If you’ve ever tried to authoritatively answer questions like these for a system of any non-trivial scope, you know how hard it is. Power BI has made this information increasingly available to administrators, through logs and APIs, and the community has built a wide range of free and paid solutions to help admins turn this information into insights and action. Even more excitingly, Power BI keeps getting better and better even as the newer parts of Fabric seem to be getting all of the attention.
What what does all this have to do with Fabric and OneLake and simple systems?
For data governance and enablement, Power BI is the simple system that works. OneLake is the mechanism through which the additional complexity of Fabric builds on the success of Power BI. Before the introduction of Fabric, the scope of Power BI was typically limited to the “final mile” of the data supply chain. There is a universe of upstream complexity that includes transactional systems, ETL/ELT/data preparation systems, data warehouses, lakes, and lakehouses, and any number of related building blocks. Having accessible insights into the Power BI tenant is great, but its value is constrained by the scope of the tenant and its contents.

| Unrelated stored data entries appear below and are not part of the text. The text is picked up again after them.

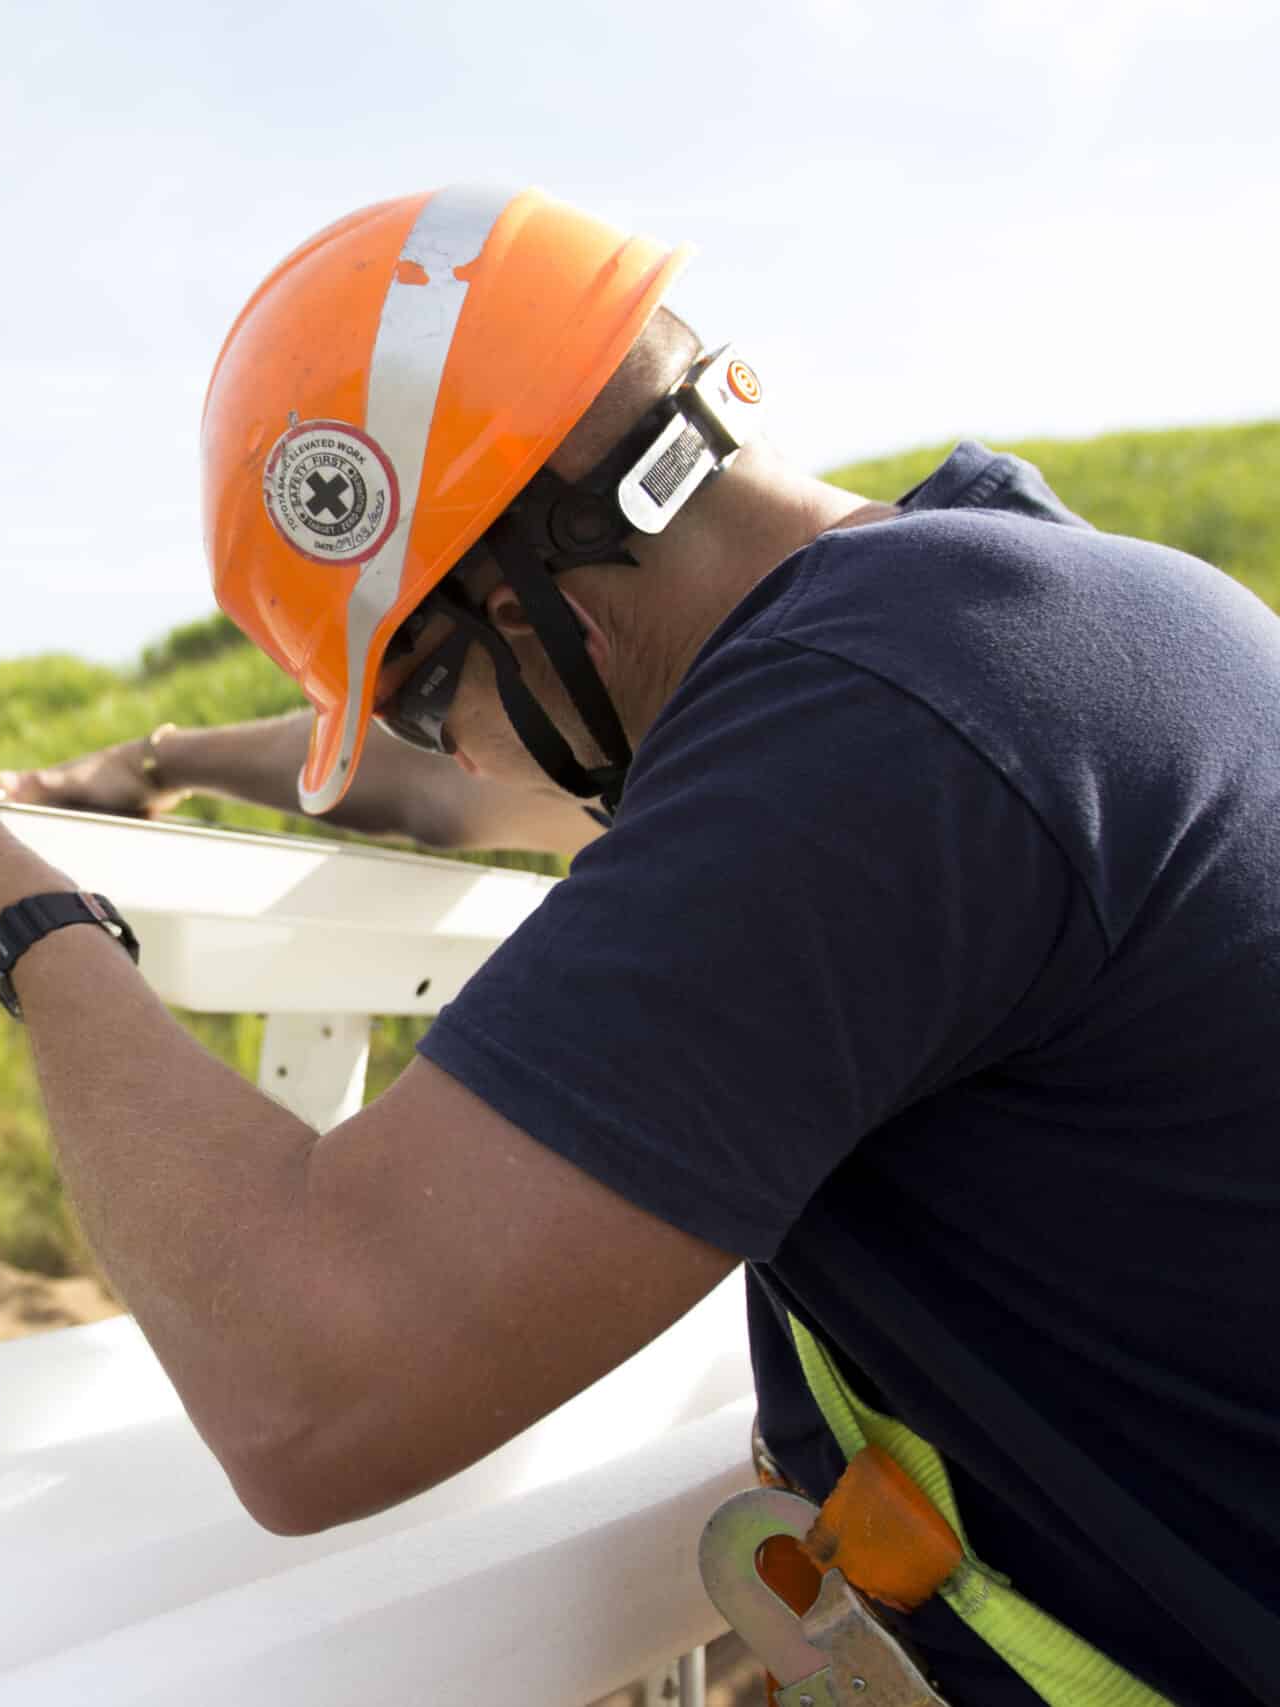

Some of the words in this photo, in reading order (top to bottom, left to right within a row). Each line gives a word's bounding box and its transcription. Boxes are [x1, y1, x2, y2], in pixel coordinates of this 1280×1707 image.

[278, 493, 299, 532] TOYOTA
[289, 438, 336, 462] ELEVATED
[337, 441, 367, 465] WORK
[290, 461, 308, 506] SAFETY
[311, 454, 346, 469] FIRST
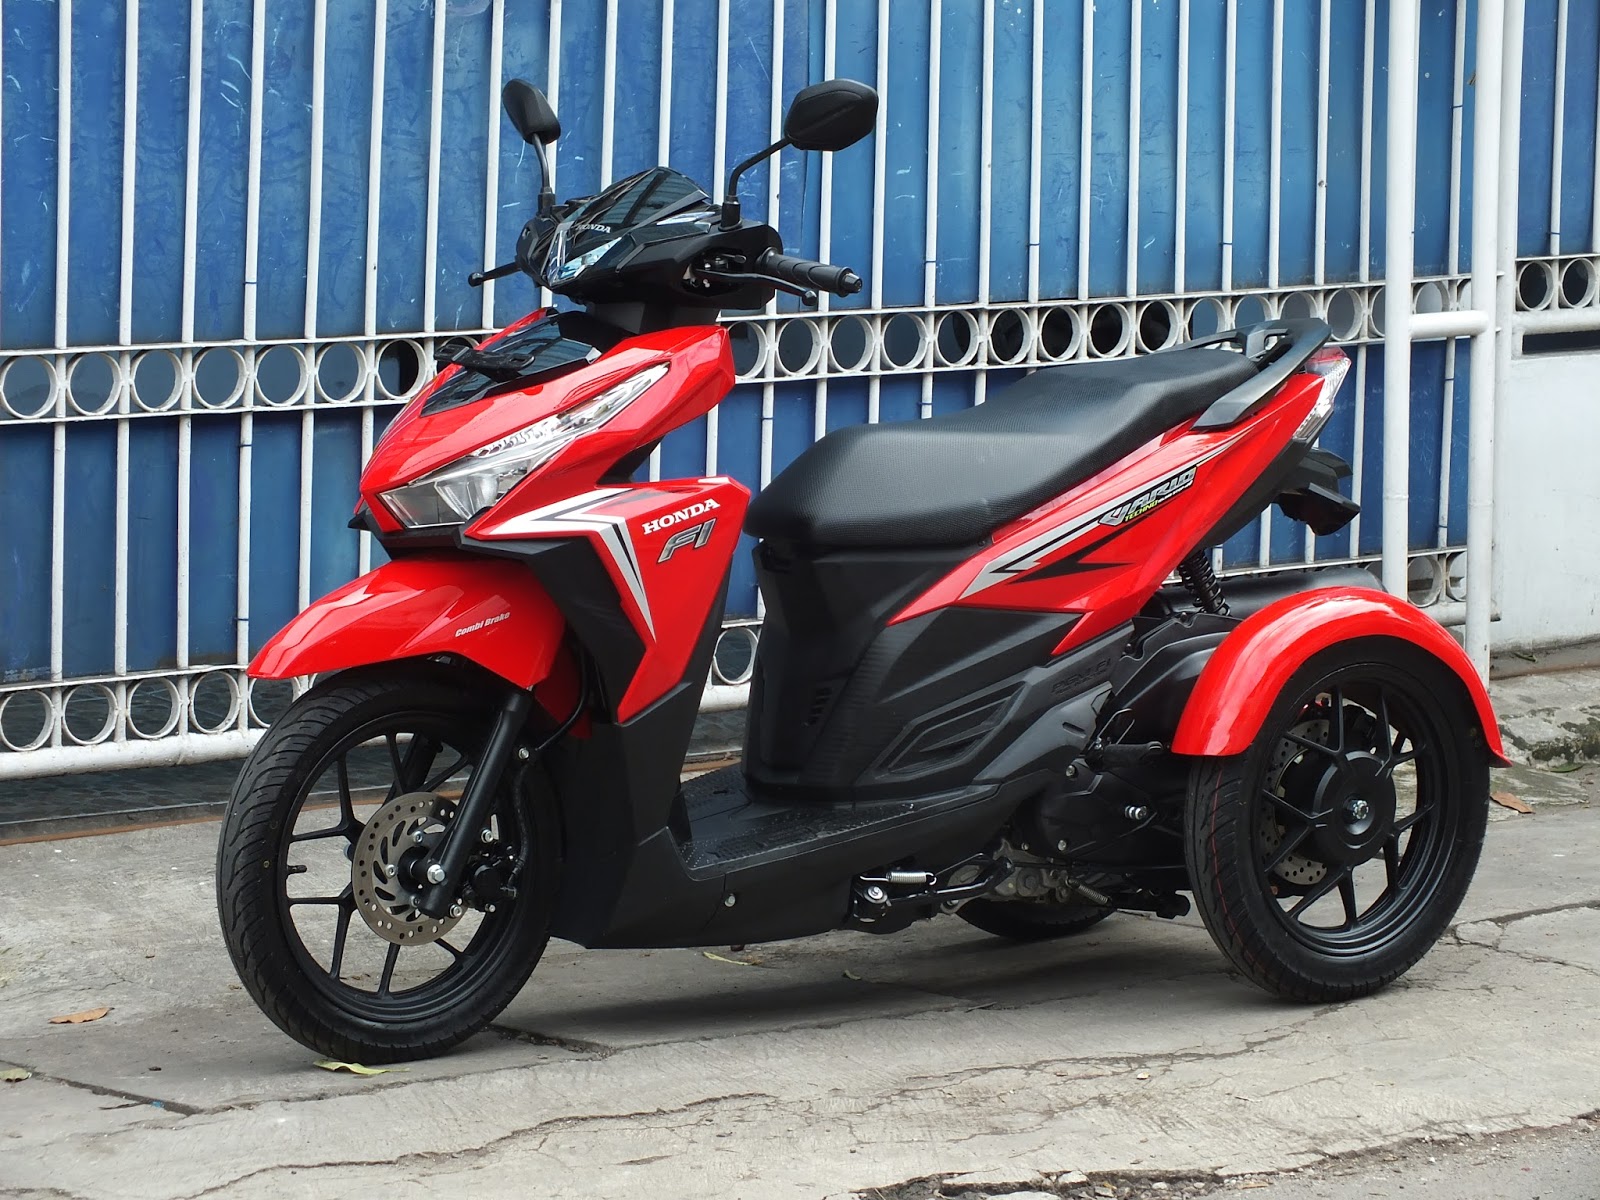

With Fabric, that scope of value is significantly increased. Fabric includes tools and capabilities for significantly more parts of the data supply chain, and whatever you do in Fabric is part of the same tenant, which means these insights are more readily available. In addition to what you know and love in Power BI, Fabric also includes a growing set of governance-focused capabilities that make it easier than ever to monitor and audit artifacts and activities, and to implement guardrails to help everyone achieve their business goals in ways that align with the organization’s governance strategy.
All Fabric workloads use OneLake as their default data location. OneLake represents the biggest single step forward in moving from simpler to more complex, because it is the big expansion in the SaaS foundation shared by all Fabric workloads new and old. Because of Fabric, and because OneLake is the heart of Fabric, governance teams can now get more of the things they love about Power BI for more parts of the data estate.
Why should your governance team be excited about Microsoft Fabric? They should be excited because Fabric has the potential of making their lives much easier. Just as Fabric can help eliminate the complexity of integration, it can also help reduce the complexity of governance.
[1] Yes, we have Dave to thank and/or blame for this post.
[2] This massive pearl of wisdom is from The Systems Bible by John Gall. I first encountered it in the early 90s in the introduction to an OOP textbook, and have been inspired by it ever since. This quote should be familiar to anyone who has ever heard me talk about systems and/or data culture.